ICD10 code of Acromicric Dysplasia and ICD9 code
ICD-10 and ICD-9 codes for Acromicric Dysplasia, with classification details for clinicians, coders and patients.
Acromicric dysplasia does not have a unique, disease-specific code in either the ICD-9 or ICD-10 clinical modification systems. Instead, clinicians typically use the ICD-10 code Q77.8 (Other osteochondrodysplasia with defects of growth of tubular bones and spine) or Q77.9 (Osteochondrodysplasia, unspecified) to classify cases of acromicric dysplasia for billing and diagnostic reporting.
What is the clinical classification of Acromicric Dysplasia?
Acromicric dysplasia is a rare form of acromelic skeletal dysplasia characterized by severe short stature, small hands and feet, and delayed bone maturation. Because it is an ultra-rare condition caused by heterozygous mutations in the FBN2 gene, it lacks a dedicated ICD-10 code. Medical coders often group acromicric dysplasia under broader skeletal dysplasias to ensure patients can access necessary specialized care and insurance coverage.
How is Acromicric Dysplasia diagnosed?
Diagnosis of acromicric dysplasia is primarily clinical and radiological, confirmed by molecular genetic testing. Physicians look for specific features, including:
- Severe postnatal growth restriction.
- Shortened metacarpals and phalanges (brachydactyly).
- "Cone-shaped" epiphyses seen on X-rays.
- Characteristic facial features, such as a round face and upturned nostrils.
- Internal findings, which may include mild cardiac valvular issues or tracheal stenosis in some individuals.
Is there support for those living with Acromicric Dysplasia?
Living with a rare diagnosis can feel isolating, but you are not alone.
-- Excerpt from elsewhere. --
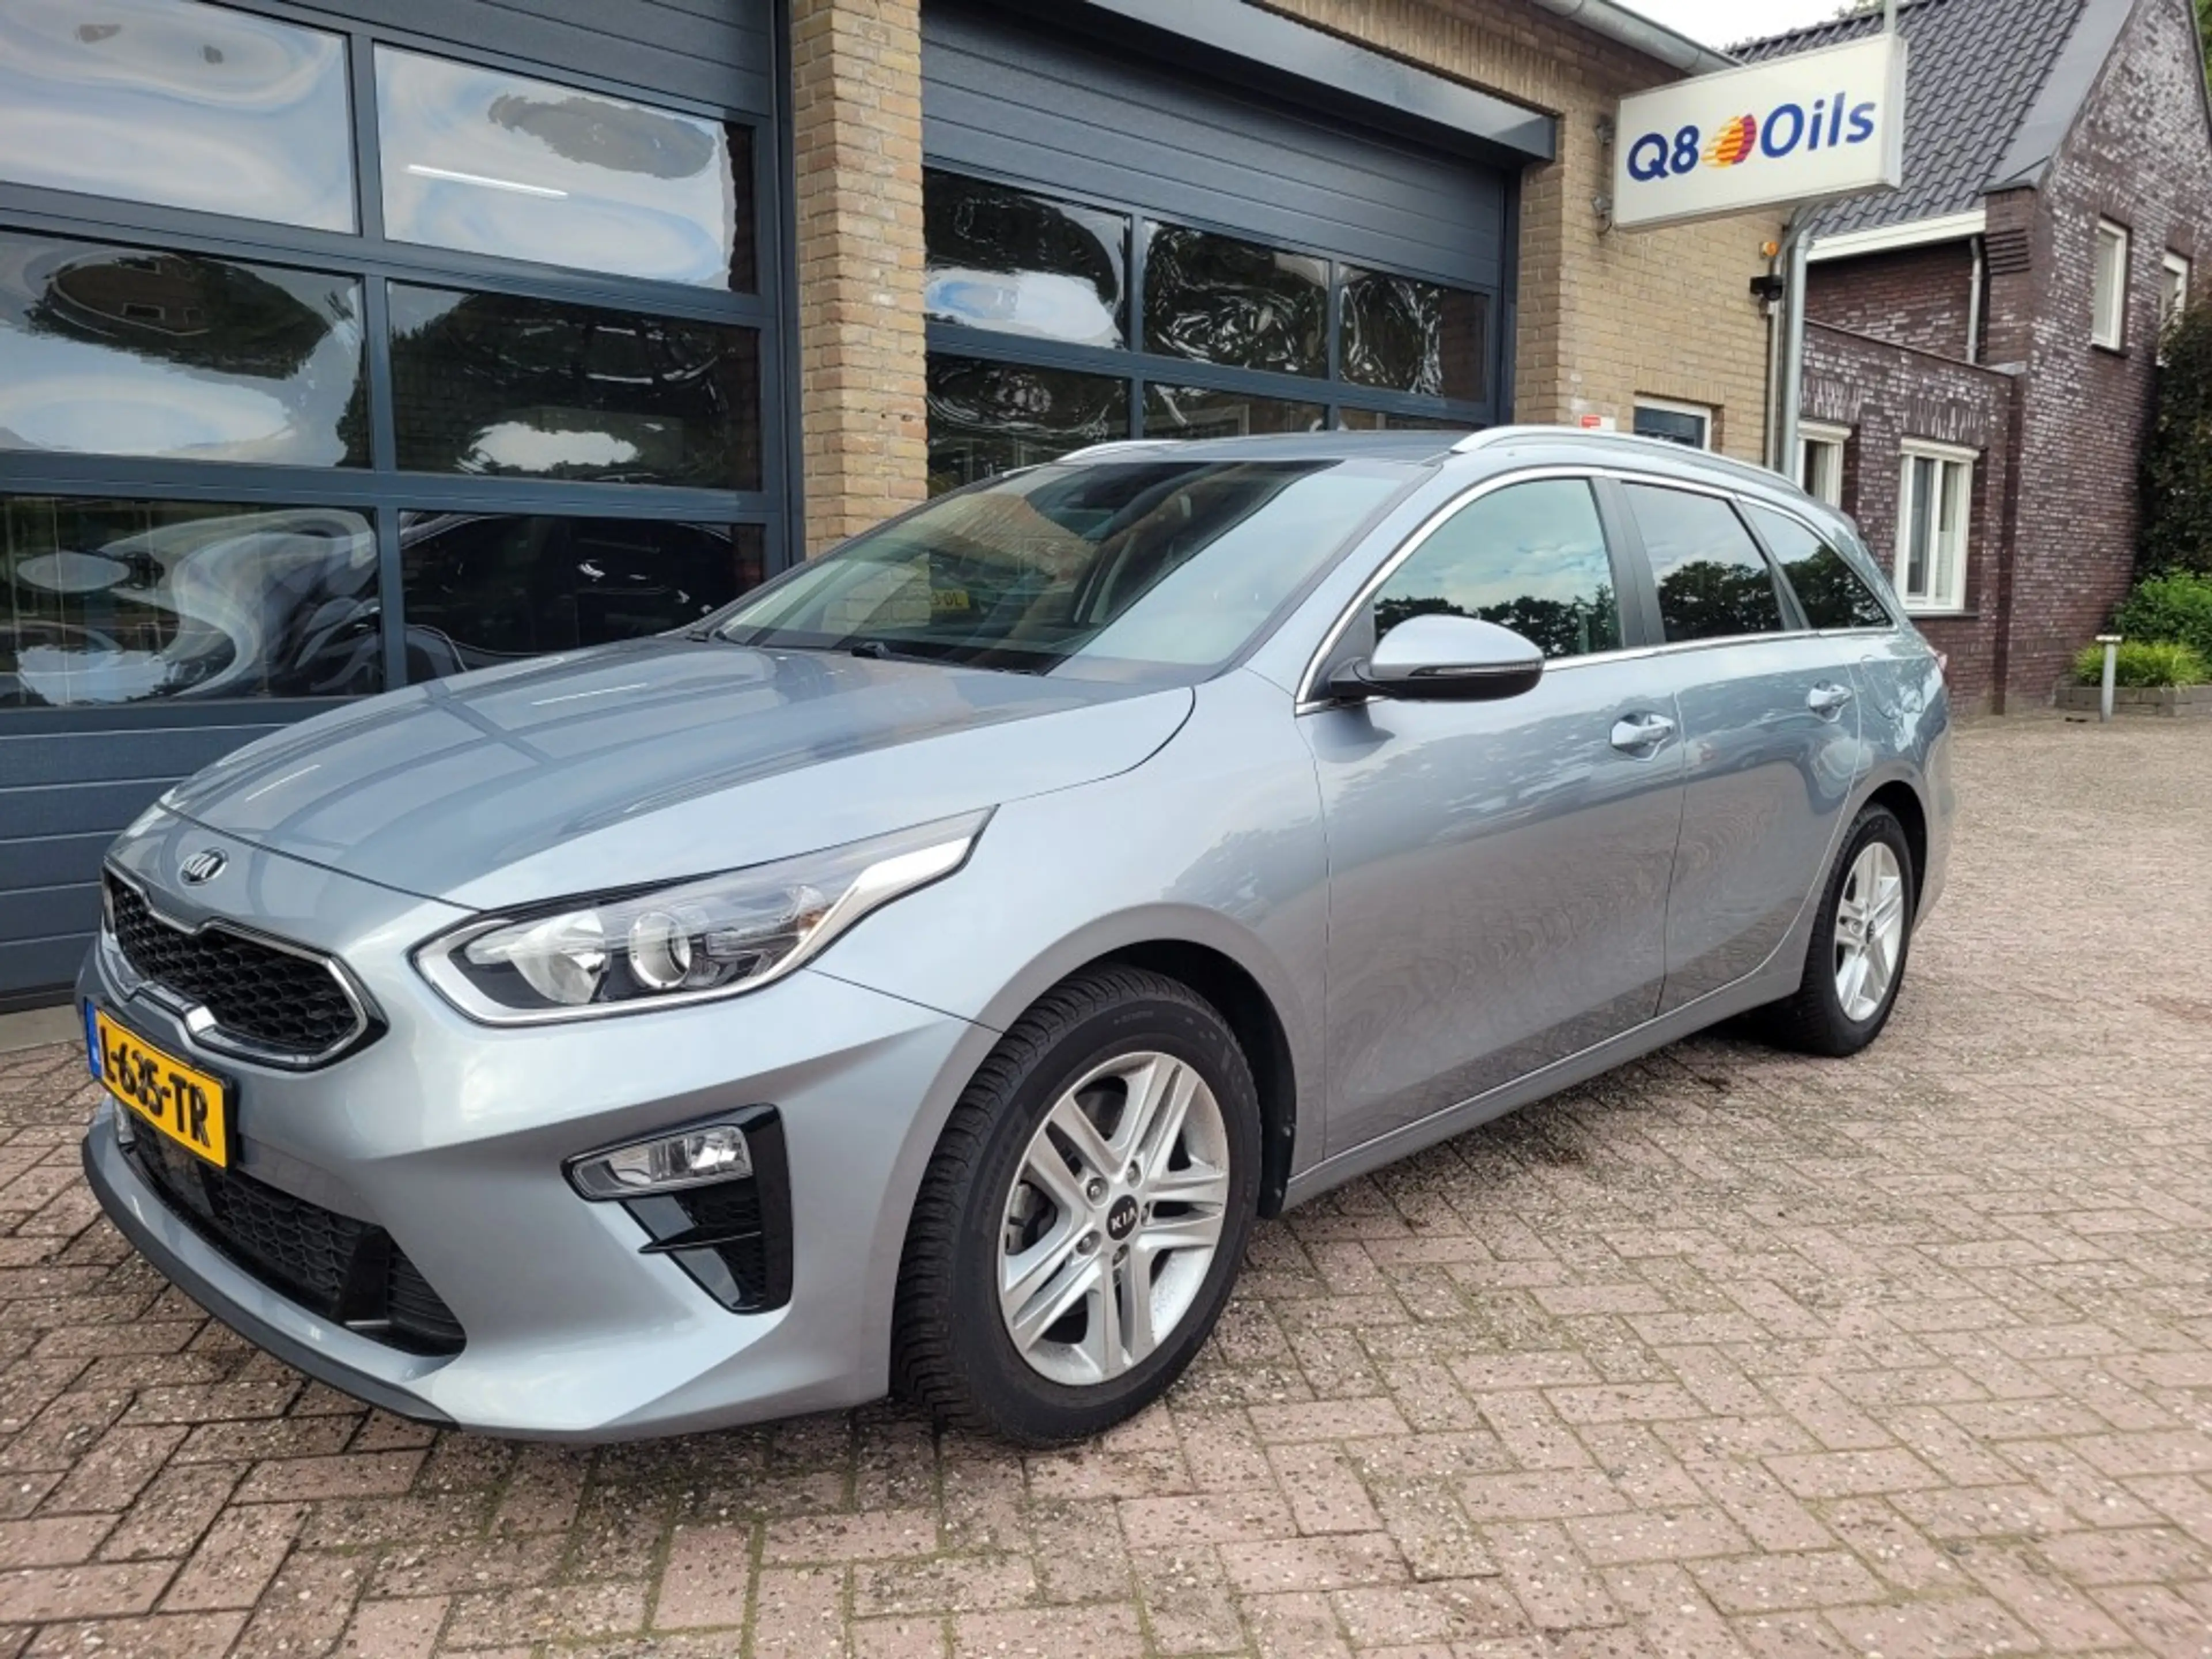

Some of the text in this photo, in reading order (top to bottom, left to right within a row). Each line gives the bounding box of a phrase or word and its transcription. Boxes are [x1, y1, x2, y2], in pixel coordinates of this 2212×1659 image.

[1627, 91, 1876, 182] Q8 Oils
[100, 1025, 211, 1149] L-635-TR
[1111, 1207, 1138, 1232] KIA
Currently, 3 people with acromicric dysplasia have joined the DiseaseMaps.org community to share their experiences and navigate the complexities of this condition. Connecting with others who understand the unique physical and emotional challenges of acromicric dysplasia can provide invaluable peer support and practical management strategies.
Next steps
- Consult a clinical geneticist to discuss molecular confirmation of acromicric dysplasia.
- Request a referral to a pediatric endocrinologist for growth monitoring.
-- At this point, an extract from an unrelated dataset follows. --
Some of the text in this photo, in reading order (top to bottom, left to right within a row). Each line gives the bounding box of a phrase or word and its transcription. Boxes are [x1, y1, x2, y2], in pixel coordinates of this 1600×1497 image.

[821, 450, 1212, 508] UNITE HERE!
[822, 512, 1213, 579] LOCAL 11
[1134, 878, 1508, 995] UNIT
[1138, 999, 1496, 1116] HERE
- Join the community at DiseaseMaps.org to connect with others affected by this rare condition.
- Consult your healthcare provider to ensure your medical records reflect the most accurate diagnostic codes for your specific clinical presentation.
Medical disclaimer: This information is for educational purposes only and should not replace professional medical advice, diagnosis, or treatment.
References
- Orphanet: Acromicric dysplasia (ORPHA:2361)
- NIH Genetic and Rare Diseases Information Center (GARD)
- OMIM (Online Mendelian Inheritance in Man): Acromicric Dysplasia (#102370)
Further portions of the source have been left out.